◆ Images for object localization
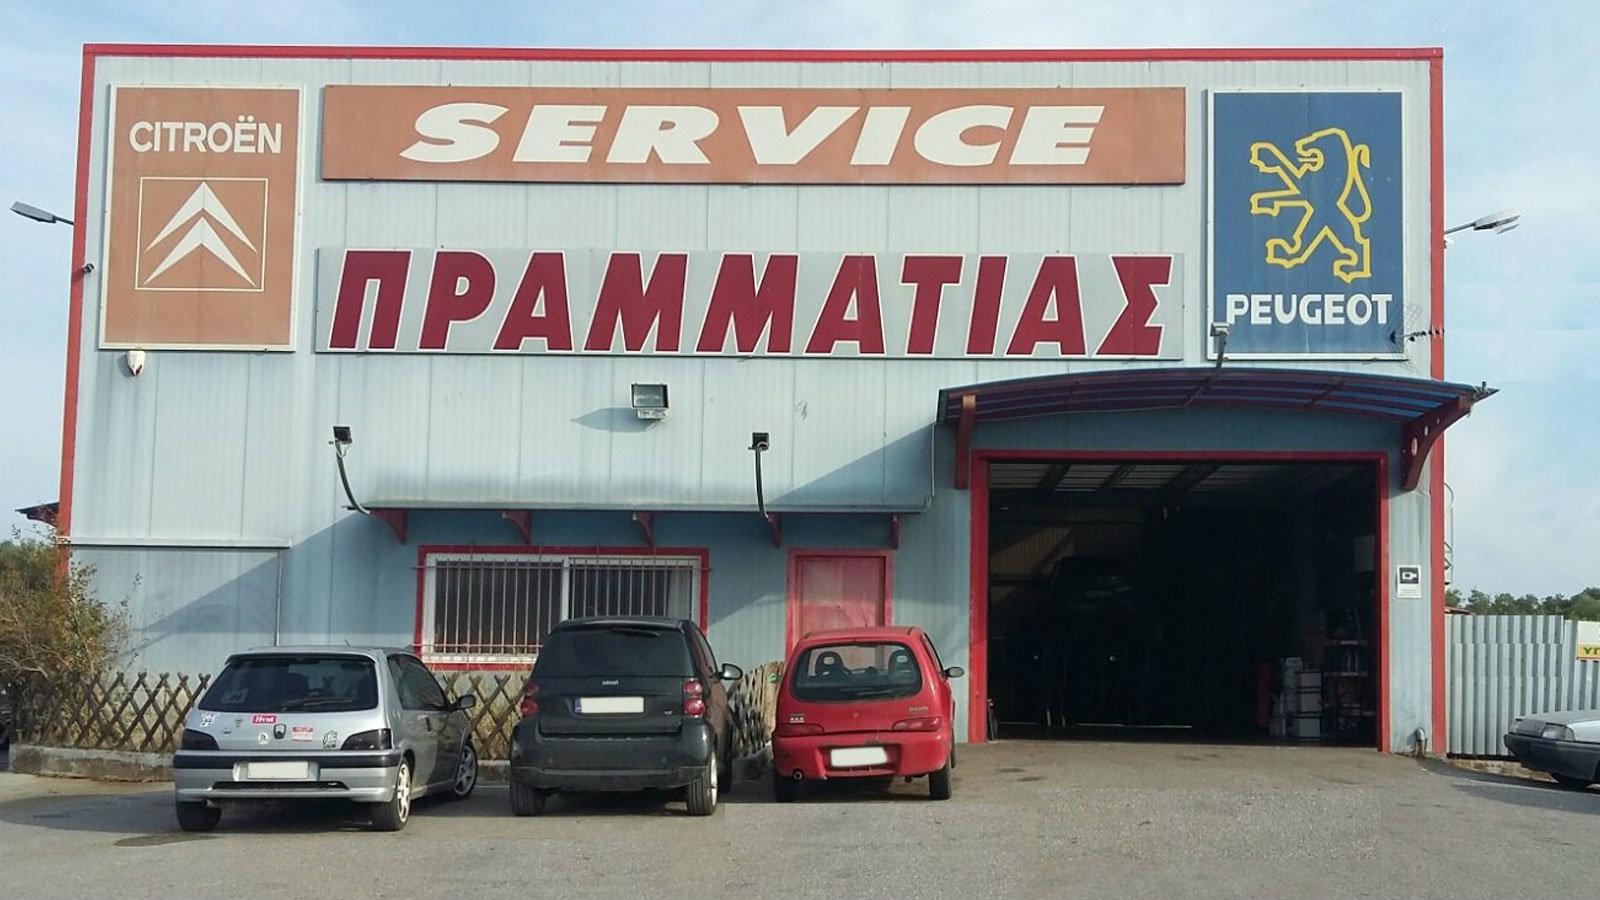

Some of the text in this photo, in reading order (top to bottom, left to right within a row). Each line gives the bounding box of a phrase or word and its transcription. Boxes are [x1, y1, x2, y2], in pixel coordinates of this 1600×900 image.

[129, 115, 282, 154] CITROËN
[399, 102, 1105, 166] SERVICE
[329, 250, 1172, 357] ΠΡΑΜΜΑΤΙΑΣ
[1226, 293, 1393, 325] PEUGEOT
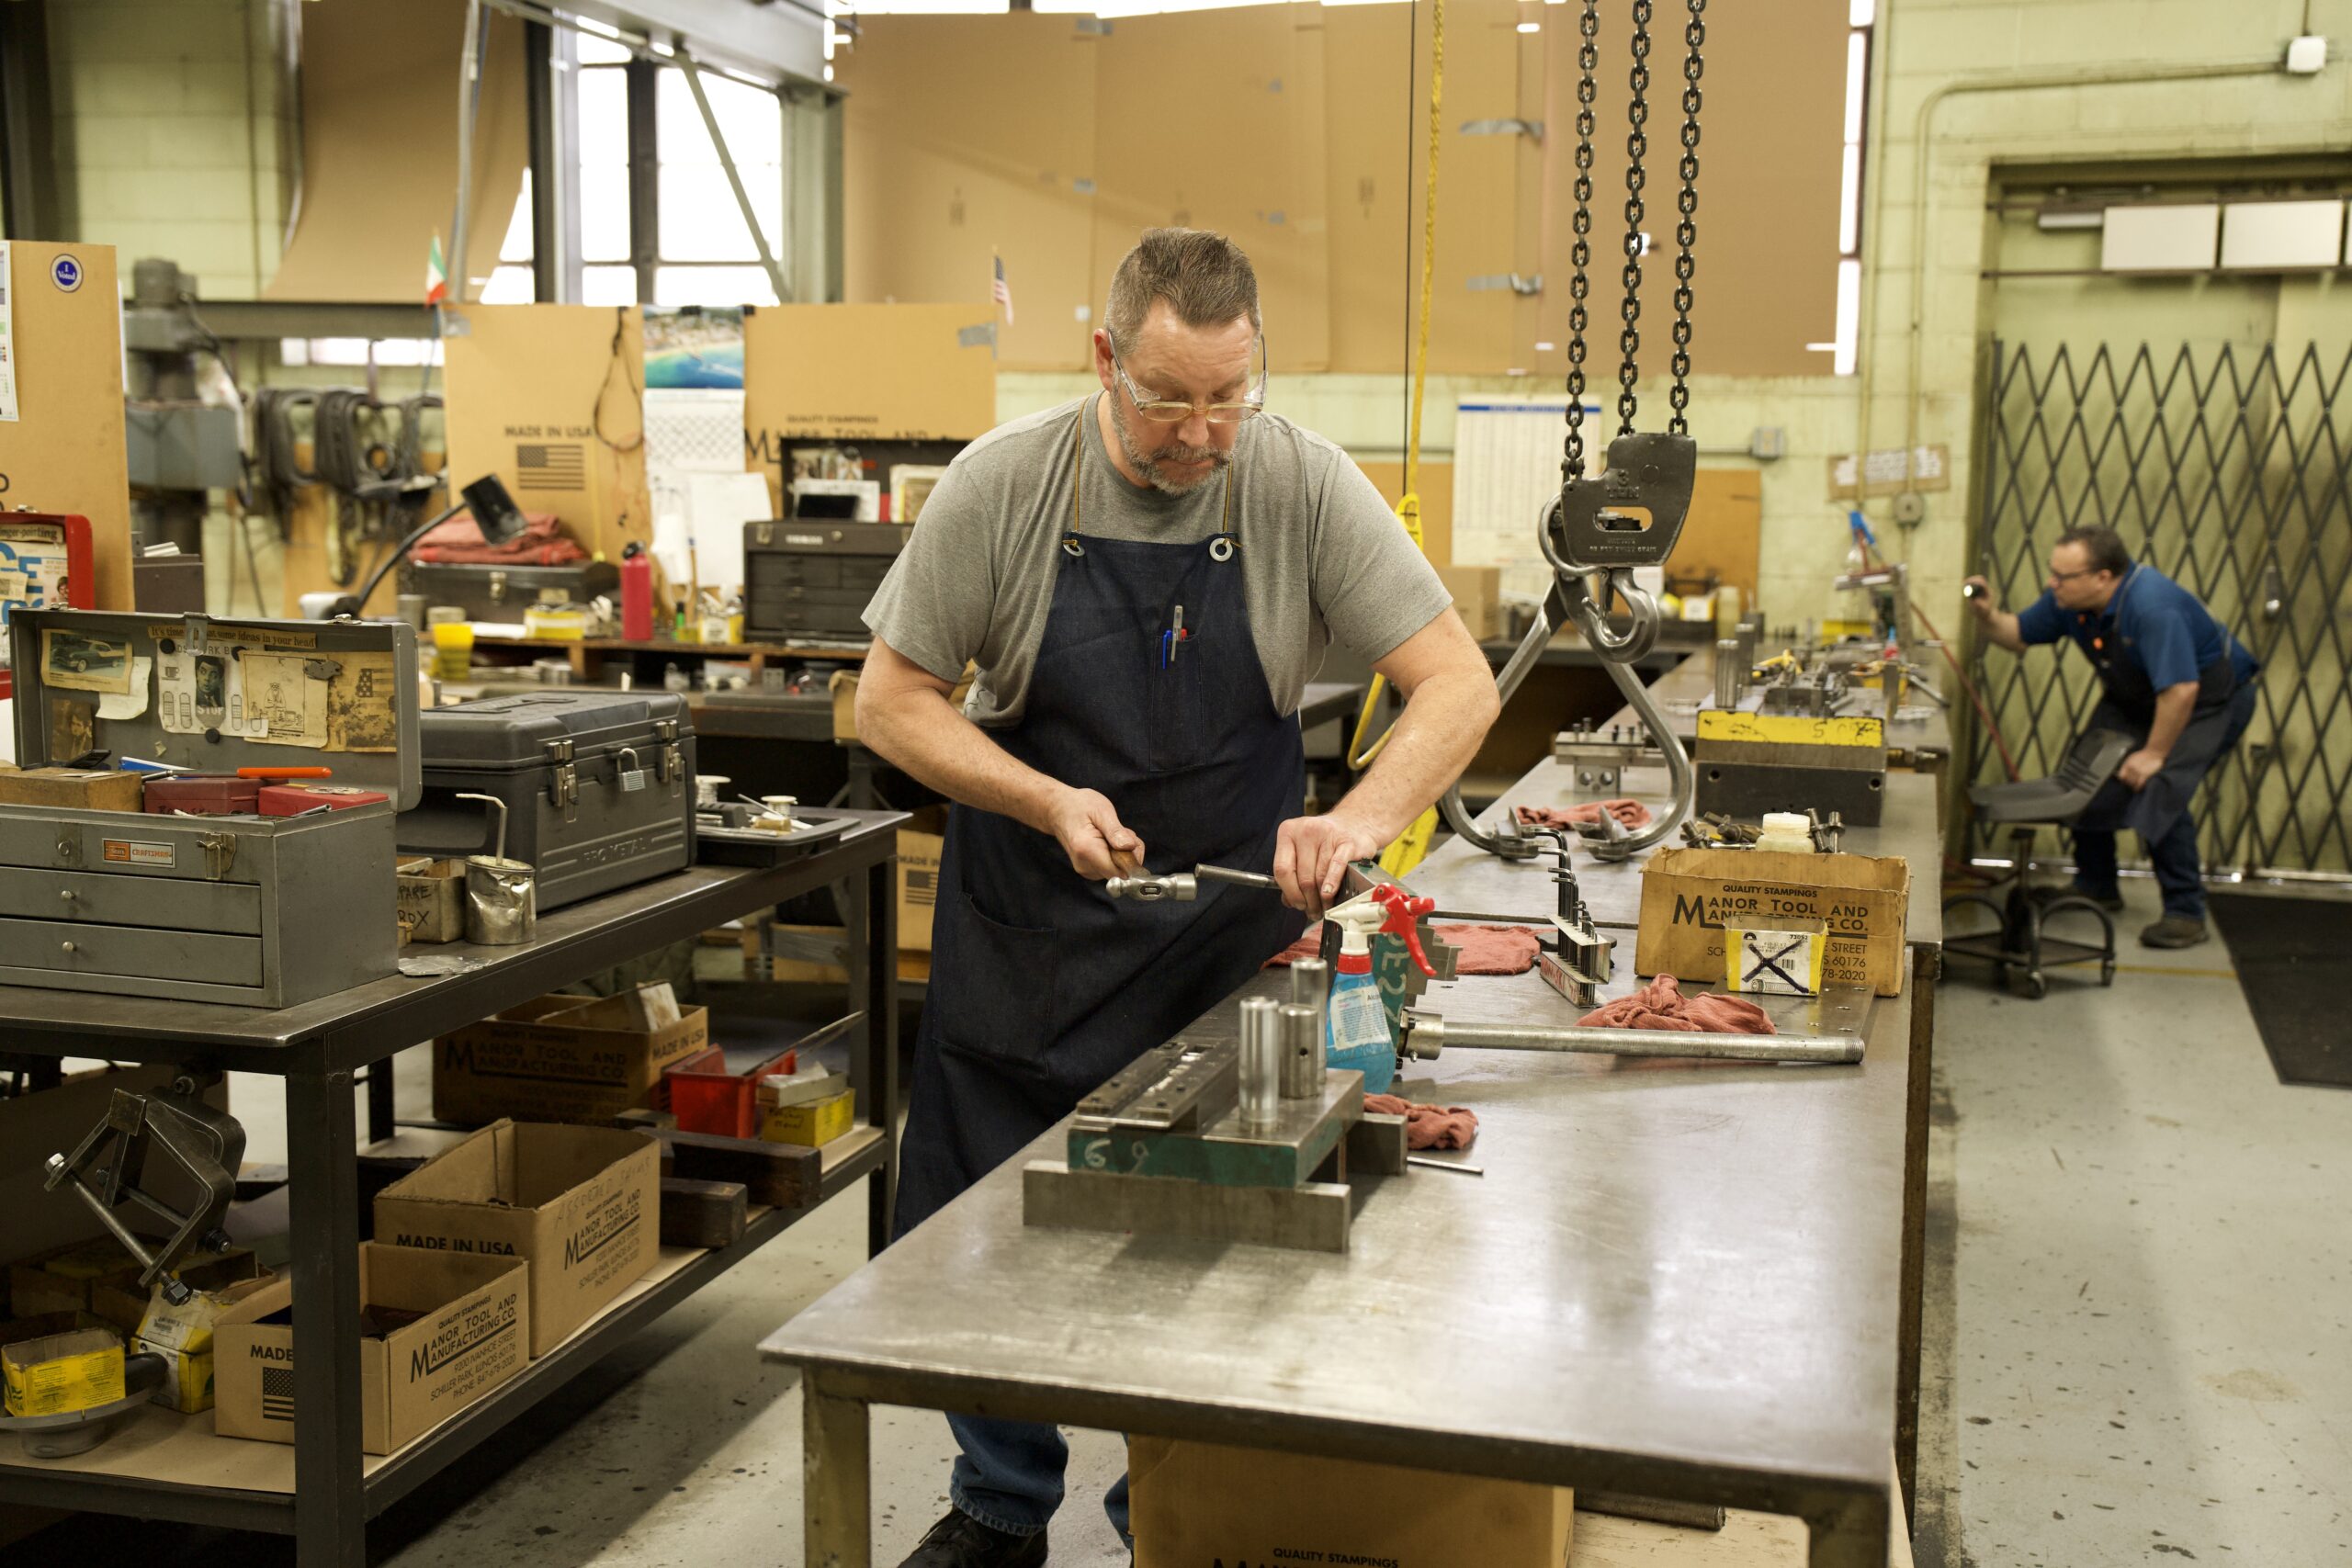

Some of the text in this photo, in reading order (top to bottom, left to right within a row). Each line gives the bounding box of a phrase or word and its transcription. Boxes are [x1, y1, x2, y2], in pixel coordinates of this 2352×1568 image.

[57, 270, 76, 281] Voted
[504, 425, 594, 438] MADE IN USA
[219, 631, 236, 640] some
[263, 633, 271, 642] in
[272, 636, 292, 646] your
[294, 636, 315, 648] head
[396, 884, 433, 902] PARE
[1723, 885, 1817, 897] QUALITY STAMPINGS
[1770, 899, 1817, 914] TOOL
[1830, 905, 1869, 918] AND
[1839, 919, 1869, 931] CO.
[1831, 943, 1867, 954] STREET
[1832, 955, 1867, 968] 60176
[1820, 969, 1866, 981] 78-2020
[652, 1028, 706, 1058] MADE IN USA
[537, 1044, 579, 1061] TOOL
[594, 1051, 627, 1065] AND
[605, 1204, 624, 1221] TOOL
[627, 1189, 641, 1204] AND
[396, 1235, 515, 1256] MADE IN USA
[438, 1294, 492, 1330] QUALITY STAMPINGS
[466, 1310, 492, 1330] TOOL
[497, 1293, 517, 1314] AND
[502, 1306, 517, 1322] CO.
[250, 1344, 294, 1361] MADE
[470, 1341, 497, 1363] IVANHOE
[497, 1328, 516, 1348] STREET
[430, 1379, 458, 1402] SCHILLER
[475, 1353, 498, 1373] ILLINOIS
[1273, 1547, 1398, 1568] QUALITY STAMPINGS

◆ Task prompt
Give the data above again, exactly and completely. No pictures go in.

◆ Written response
Some of the text in this photo, in reading order (top to bottom, left to right within a row). Each line gives the bounding box of a phrase or word and its transcription. Boxes are [x1, y1, x2, y2], in pixel coordinates of this 1600×900 image.

[129, 115, 282, 154] CITROËN
[399, 102, 1105, 166] SERVICE
[329, 250, 1172, 357] ΠΡΑΜΜΑΤΙΑΣ
[1226, 293, 1393, 325] PEUGEOT

Some of the text in this photo, in reading order (top to bottom, left to right within a row). Each line gives the bounding box of a phrase or word and its transcription. Boxes are [x1, y1, x2, y2], in pixel coordinates of this 2352×1568 image.

[57, 270, 76, 281] Voted
[504, 425, 594, 438] MADE IN USA
[219, 631, 236, 640] some
[263, 633, 271, 642] in
[272, 636, 292, 646] your
[294, 636, 315, 648] head
[396, 884, 433, 902] PARE
[1723, 885, 1817, 897] QUALITY STAMPINGS
[1770, 899, 1817, 914] TOOL
[1830, 905, 1869, 918] AND
[1839, 919, 1869, 931] CO.
[1831, 943, 1867, 954] STREET
[1832, 955, 1867, 968] 60176
[1820, 969, 1866, 981] 78-2020
[652, 1028, 706, 1058] MADE IN USA
[537, 1044, 579, 1061] TOOL
[594, 1051, 627, 1065] AND
[605, 1204, 624, 1221] TOOL
[627, 1189, 641, 1204] AND
[396, 1235, 515, 1256] MADE IN USA
[438, 1294, 492, 1330] QUALITY STAMPINGS
[466, 1310, 492, 1330] TOOL
[497, 1293, 517, 1314] AND
[502, 1306, 517, 1322] CO.
[250, 1344, 294, 1361] MADE
[470, 1341, 497, 1363] IVANHOE
[497, 1328, 516, 1348] STREET
[430, 1379, 458, 1402] SCHILLER
[475, 1353, 498, 1373] ILLINOIS
[1273, 1547, 1398, 1568] QUALITY STAMPINGS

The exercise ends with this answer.